I remember our dachshunds growing up doing that in the snow and my mom would have to walk out and pick them up and bring them inside!!

As soon as he's inside he's perfectly fine!

Does anyone else's dog do this?! It's got me worried.


----------



## pigeonsheep (Nov 8, 2008)

hmmm....i know dexter lifts his paw when hes really cold...but he always runs back in...hmmm...im sure it's nothing brody!


----------



## Brodysmom (Jan 8, 2009)

Pidge - it's almost like he is getting paralyzed. He literally freezes up to where he almost can't move and he's walking in slow motion. Weird. And scary.


----------



## pigeonsheep (Nov 8, 2008)

maybe he's just being brody!  some dogs just cant take the chill and just like us humans...we freeze and cant move when its wind chills are blasting at our faces


----------



## Brodysmom (Jan 8, 2009)

As soon as he's inside, he's zooming around here like a lunatic, it's so weird. 

I hope he doesn't have some weird muscle disease or something.


----------



## pigeonsheep (Nov 8, 2008)

Brodysmom said:


> As soon as he's inside, he's zooming around here like a lunatic, it's so weird.
> 
> I hope he doesn't have some weird muscle disease or something.

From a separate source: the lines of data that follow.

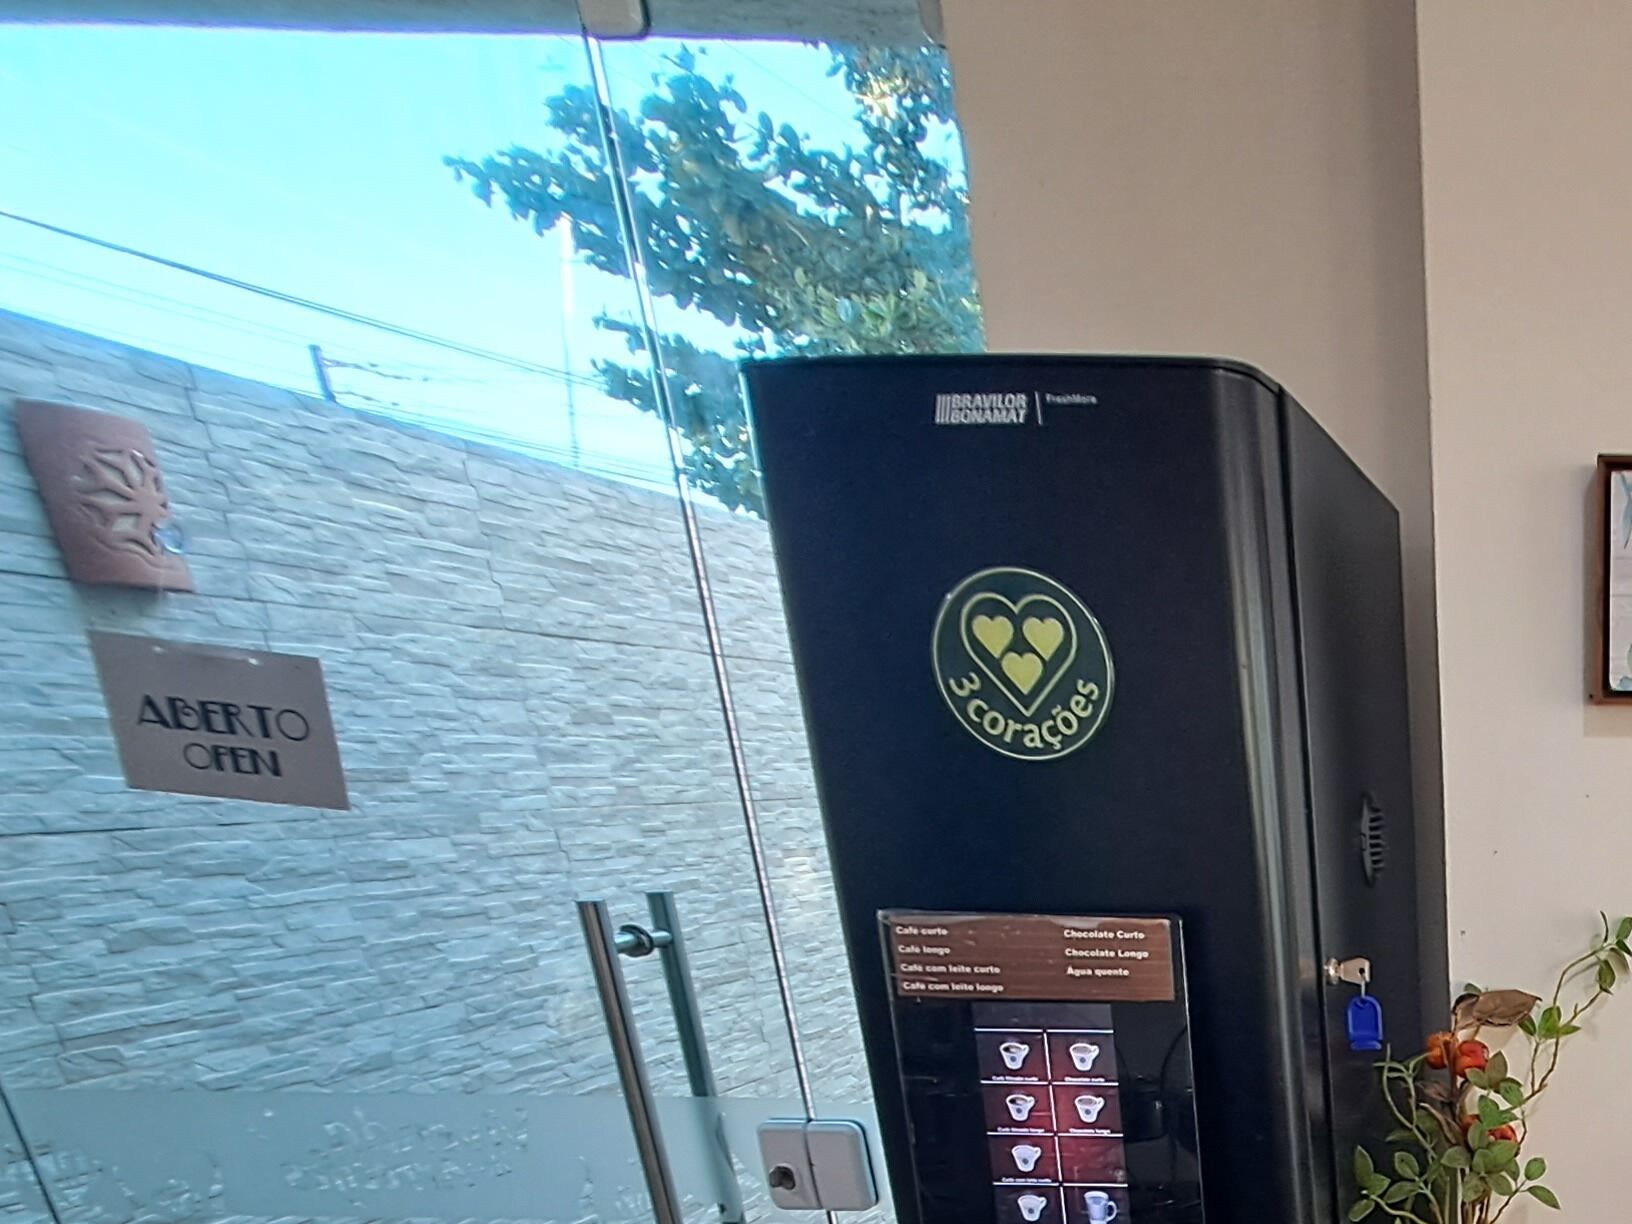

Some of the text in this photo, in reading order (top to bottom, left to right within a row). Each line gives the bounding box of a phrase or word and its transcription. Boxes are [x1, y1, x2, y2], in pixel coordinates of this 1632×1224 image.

[949, 392, 1028, 409] BRAVILOR
[948, 408, 1027, 424] BONAMAT
[949, 671, 1099, 750] 3 corações
[137, 694, 310, 742] ABERTO
[920, 926, 949, 936] curto
[1063, 929, 1146, 940] Chocolate Curto
[922, 945, 951, 956] longo
[1064, 948, 1150, 960] Chocolate Longo
[925, 964, 948, 973] com
[949, 964, 972, 974] leite
[973, 965, 1001, 974] curto
[1066, 965, 1130, 978] Água quente
[927, 983, 950, 992] com
[951, 982, 975, 992] leite
[976, 983, 1005, 994] longo

u should ask brody and see what he says


----------



## Brodysmom (Jan 8, 2009)

Hmmmm...... good idea .........

Ok - this is what he said ..... 

"I don't know whys it happens mom but can I play ball now? Can I, huh? Can I? PLLLEEEEAAASSSEEE??!!!! I been a good boy and I just wants to play!"


----------



## pigeonsheep (Nov 8, 2008)

play ball!!! LOL! i need to give dexter his bath...mmm how i love john paul products!!!  i dont think he likes it though...haha :x


----------



## Tanna (Jan 29, 2009)

Maybe you should get some boots for him. I know it looks stupid and it's probably a pain in the neck to put them on every time they go out, but you'd probably only need them thru the end of Feb. His little feet are probably freezing. I grew up in Chicago and I can appreciate how bitter cold it can get. Poor Brody.


----------



## Brodysmom (Jan 8, 2009)

Tanna said:


> Maybe you should get some boots for him. I know it looks stupid and it's probably a pain in the neck to put them on every time they go out, but you'd probably only need them thru the end of Feb. His little feet are probably freezing. I grew up in Chicago and I can appreciate how bitter cold it can get. Poor Brody.

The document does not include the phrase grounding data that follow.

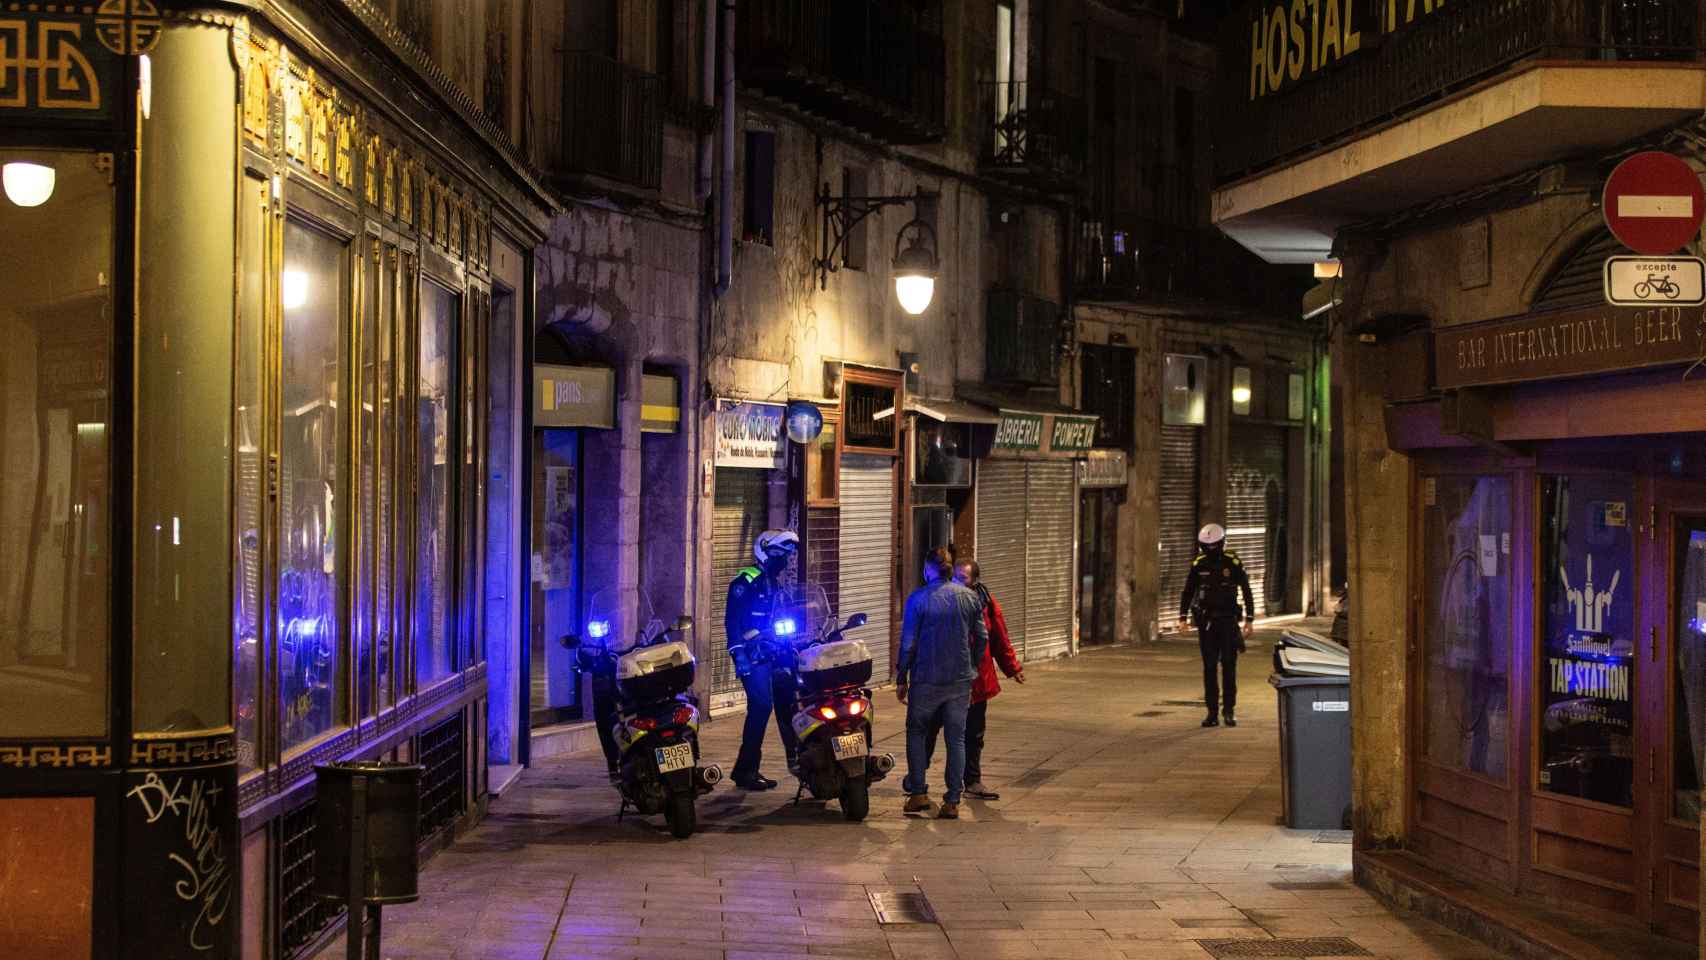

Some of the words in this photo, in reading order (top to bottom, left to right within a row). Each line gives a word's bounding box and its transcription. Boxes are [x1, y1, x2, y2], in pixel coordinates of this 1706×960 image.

[1250, 0, 1361, 100] HOSTAL
[1635, 262, 1678, 273] excepte
[1458, 336, 1487, 369] BAR
[1494, 315, 1622, 365] INTERNATIONAL
[1633, 305, 1682, 347] BEER
[995, 417, 1041, 446] LIBRERIA
[1550, 657, 1573, 694] TAP
[1575, 660, 1629, 702] STATION
[664, 745, 690, 759] 9059
[666, 757, 686, 769] HTV
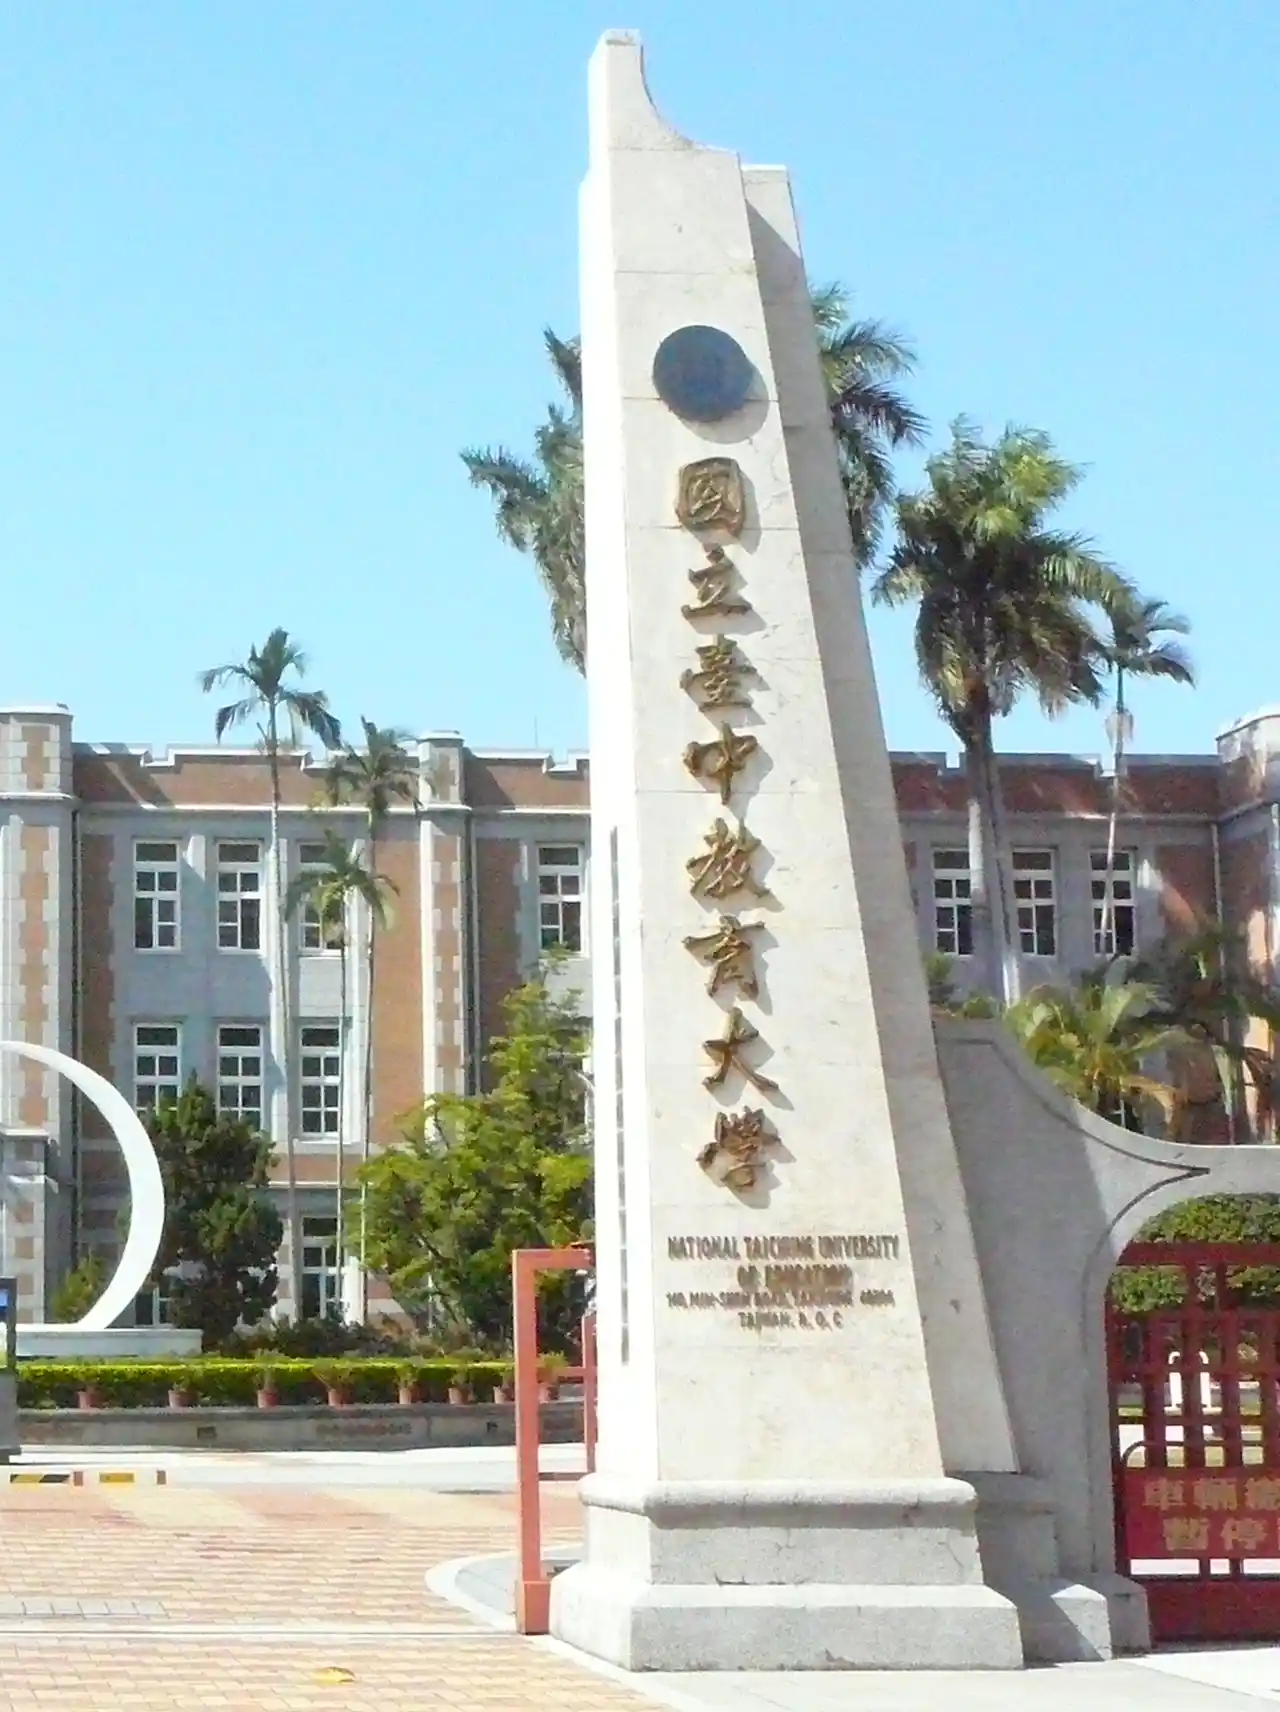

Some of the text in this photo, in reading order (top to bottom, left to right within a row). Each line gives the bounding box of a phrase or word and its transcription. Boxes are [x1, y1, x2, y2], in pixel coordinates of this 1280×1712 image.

[675, 457, 780, 1191] 國立臺中教育大學
[668, 1236, 741, 1260] NATIONAL
[818, 1235, 899, 1260] UNIVERSITY

Thanks Tanna. I wish I knew where to find some tiny boots. The ones I've found for sale around here are too big. He's feet are about the size of a nickel.


----------



## BABY BABS (Feb 5, 2008)

Mine do that too. I thought they were just playing hard to get. However, my vet told me that because their little legs are so thin, the blood will actually stiffen right up. She said to always go get them right away. The good news is that with the legs being thin, they also warm up quickly, hence the quick recovery once inside. We've been having a nasty stretch of cold up here in Minnesota too. Windchills have dropped in the -40's and temps have been for at least a couple of days in the -30's. We watch our girls pretty closely.


----------



## BABY BABS (Feb 5, 2008)

Brodysmom said:


> Thanks Tanna. I wish I knew where to find some tiny boots. The ones I've found for sale around here are too big. He's feet are about the size of a nickel.


Boots are a good idea. Tough to find for such little feet. Also, you want to get tall ones to protect those tiny little legs. Perhaps you could cut fingers off of gloves and use velcro and elastic to hold them on? Here's an article on making your own dog boots.

http://domestikgoddess.com/sew-your-own-winter-dog-boots/


----------



## Brodysmom (Jan 8, 2009)

Thanks guys. I will work on getting him (or making him) some boots today!! Thanks!!


----------



## *Princess* (Feb 7, 2009)

Oh poor Brody!!  im with him though, i hate the cold x


----------



## huskyluv (Oct 24, 2008)

Tracy, my grandmother had this happen to one of her dogs who passed a few years ago. She found out after it occurred several times and talking to her vet that it was because the cold was traveling from their feet straight to their brain and effectively causing them to become temporarily paralyzed by the cold, once brought back inside they can move again. What they did for their dog was clear the snow where their dog went to potty and make sure it was a quick in and out. If the dog did start to freeze up like that bring them in to warm up and try again in a little bit.


----------



## Brodysmom (Jan 8, 2009)

Thanks Val. I think that's what is happening. His poor teeny legs and he doesn't have much coat to begin with!! I put a coat on him and have cleared a spot in the grass and set him down but even then, he likes to walk around and find just the right spot. His legs haven't done it today. Maybe because the sun is out? It sure is scary to see him freeze up like that and be unable to move his legs.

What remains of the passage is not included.